Review Summary: Ironic gloom.
Are you ready for a cliché? Well, it’s winter. What kind of image strikes to mind? Snow? Candles? Santa Claus? Obsessively shopping for gifts in a crowded mall while trying (in vain) to feel just a little bit excited for Christmas? All I know is that when crystals of ice paint the landscape as white as only snow can make it, ColdWorld’s captivating debut will be going on repeat until it thaws. I’m glad to notify anyone who shares my passion for depressive black metal that this is most probably your lucky day.
Melancholie2 is in good company. However this time around, melancholy is exchanged for wind at the bottom of the cover. The main source of inspiration for the making of this record has indeed left a considerable share of evident clues. Like that of
Melancholie2, depressive black metal’s established qualities are bloated with ambiance and careful touches of string arrangements, clean vocals and electronic elements. A constant sense of gloom bleakness runs throughout a record that has an ironic and queer tendency to convey sensations quite unlike that which its poetry would suggest. Speaking in metaphors, I’d like to observe
Wind from a perspective veiled in a slightly more poetic (and infinitely pretentious) spirit. The shade of death greets the one who drift in transcending slumber. He dims the agony and bestows the last breath with a stream of warmth before the light finally fades. Dejection has, like an evolutionary instinct for utilitarian survival seemingly resulted in a warm, numbing blanket that shrouds the drifter in a grey area to keep it from harm.
Wind does indeed bear the name of apathy and it's an interesting contrast. Soothing ambient passages most evidently found on "Through The Shining Stars" illuminates the album's generally quite raw character but not even in its coldest moment does the light grow faint. The music is cloaked in ethereal stillness. It's not of aggressive nature rather than one of distressed grief and misery. Every passage has been channeled through great attention and awareness by someone who doesn’t stray from having creativity and curiosity directly affect his work.
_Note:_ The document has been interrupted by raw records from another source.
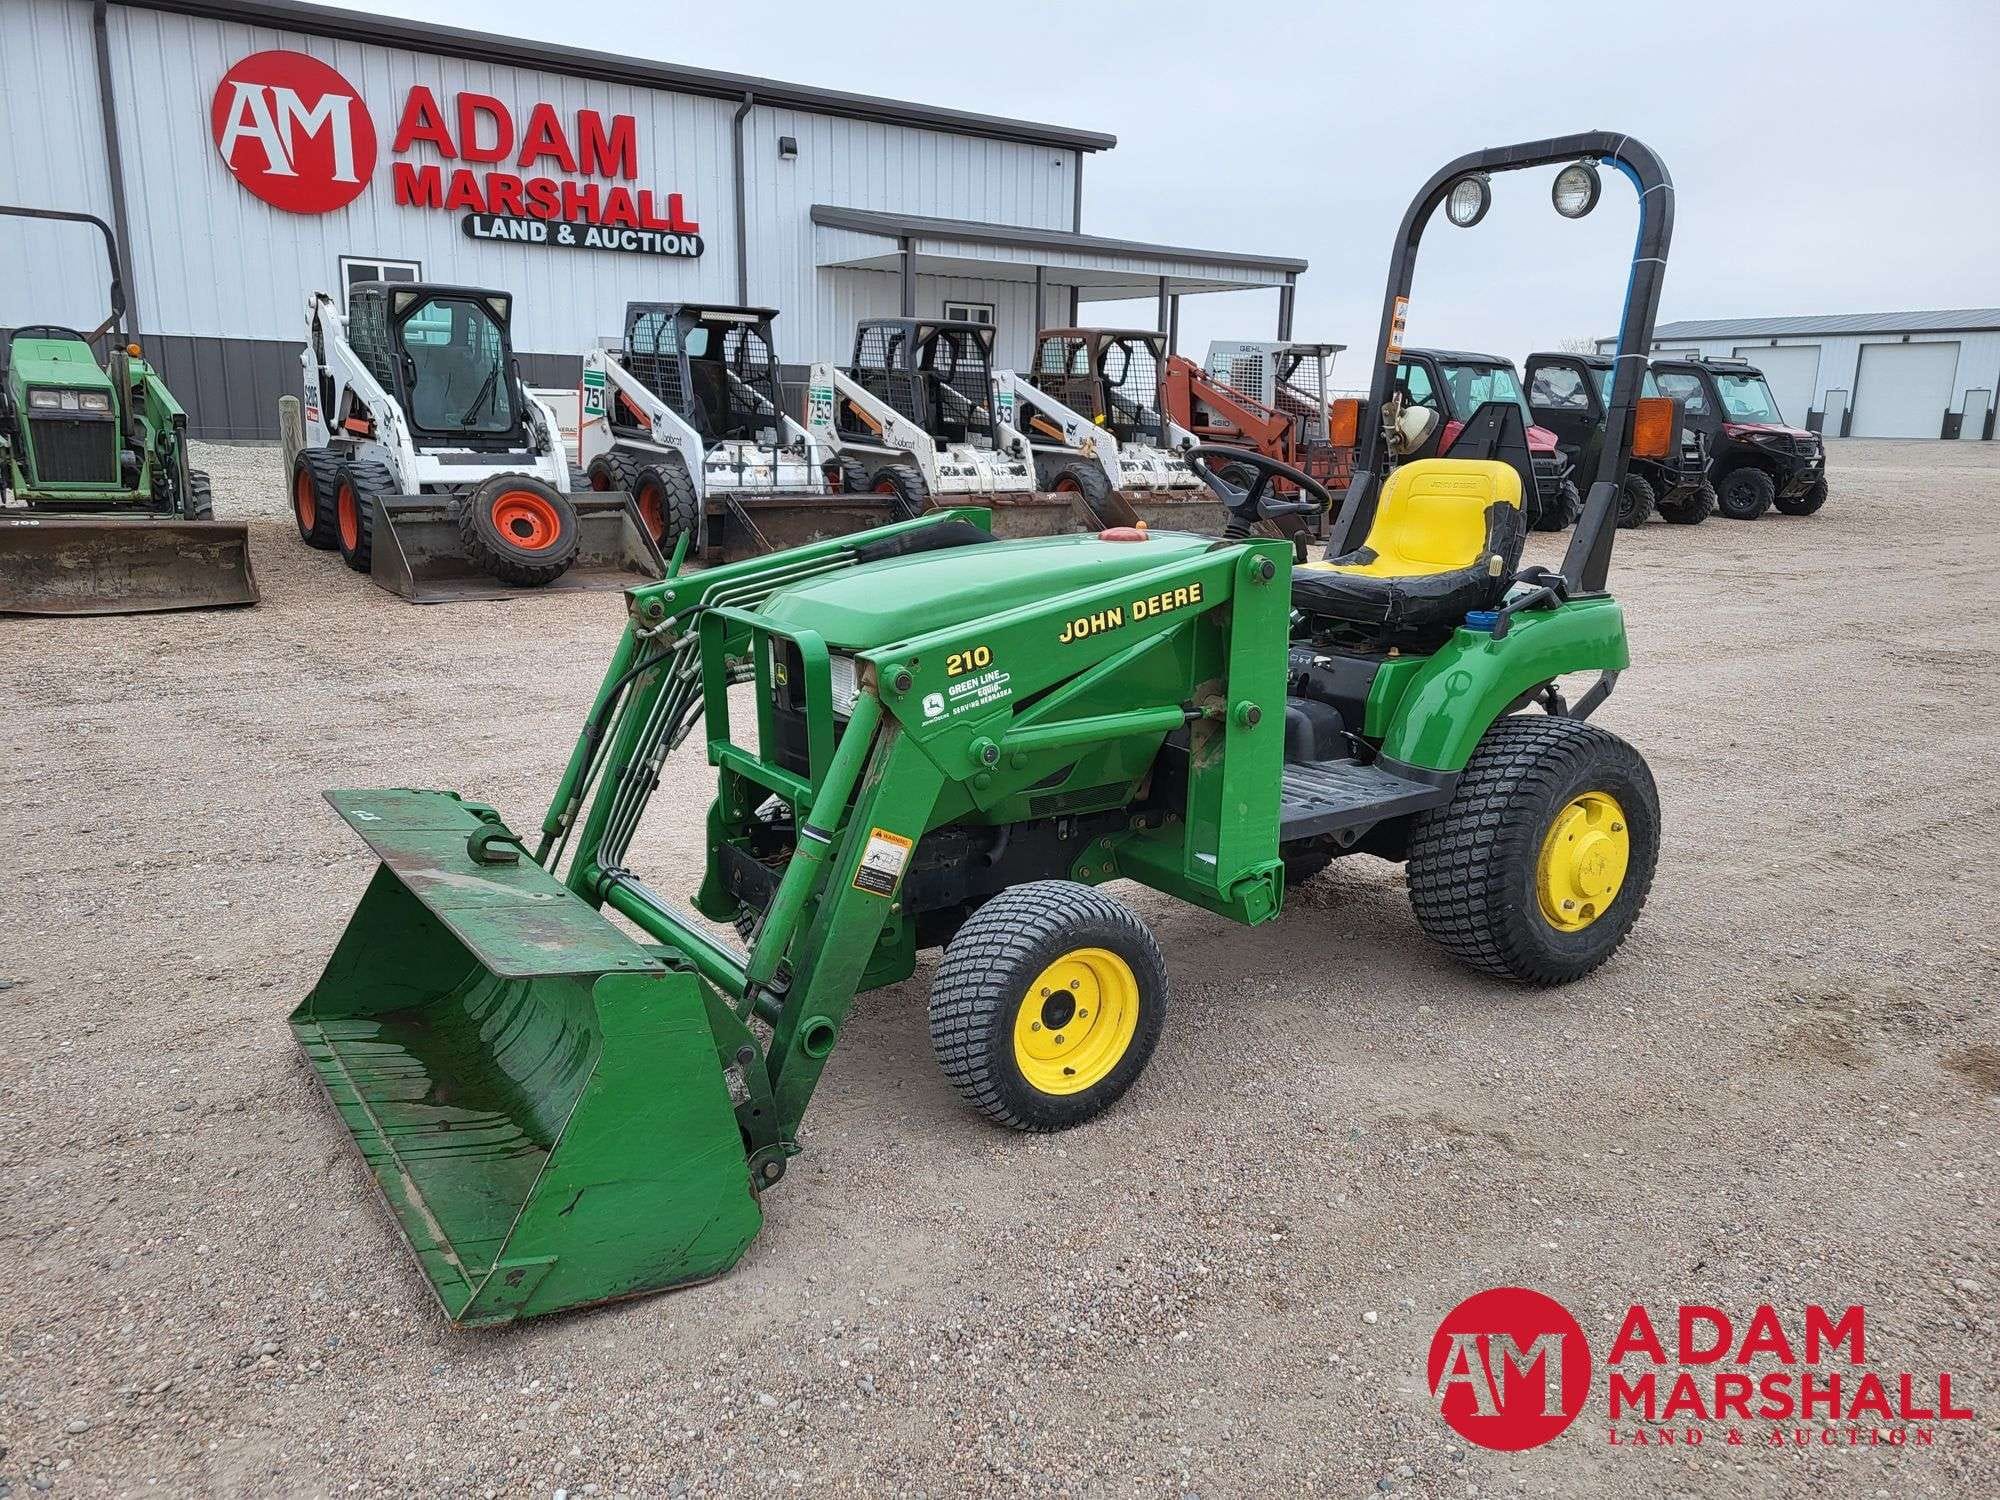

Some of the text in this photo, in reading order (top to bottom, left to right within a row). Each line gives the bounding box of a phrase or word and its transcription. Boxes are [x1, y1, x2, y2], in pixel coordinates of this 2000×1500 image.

[219, 80, 360, 183] AM
[392, 85, 637, 180] ADAM
[393, 162, 699, 233] MARSHALL
[473, 216, 698, 257] LAND & AUCTION
[1239, 345, 1263, 353] GEHL
[584, 386, 605, 409] 751
[1059, 582, 1203, 644] JOHN DEERE
[946, 645, 993, 677] 210
[948, 669, 1001, 696] GREEN LINE
[952, 688, 1013, 715] SERVING NEBRASKA
Depressive black metal is an interesting genre. If art is the creative image of man I’d like to declare the right to say that this type of music fulfills an ideal purpose. Some people even claim that quality of art can really only be measured with how emotionally attached we feel to what we observe. Art and expression is bound to relative guiding principles. It’s a reflection of the relative mind like that of human beings, which is why we understand the variable in loving bands seemingly without talent in parallel to groups that in harmony with the taboo “objective” sense should present as superior. Bathory is my favorite band, which in consent with such a thesis can be justified before self-important elitists that marvel at the fact that I would confidently place Opeth second. We are neither mechanic nor one dimensional; therefore art and music must be alleged by the same judge. I yield to whether or not something by rational standards is recognized as superior in case something of entirely different nature happens to affect my emotions. And that’s just what Melankoli’s
Wind and atmospheric black metal in general does for me. A fantastic debut, warmly recommended.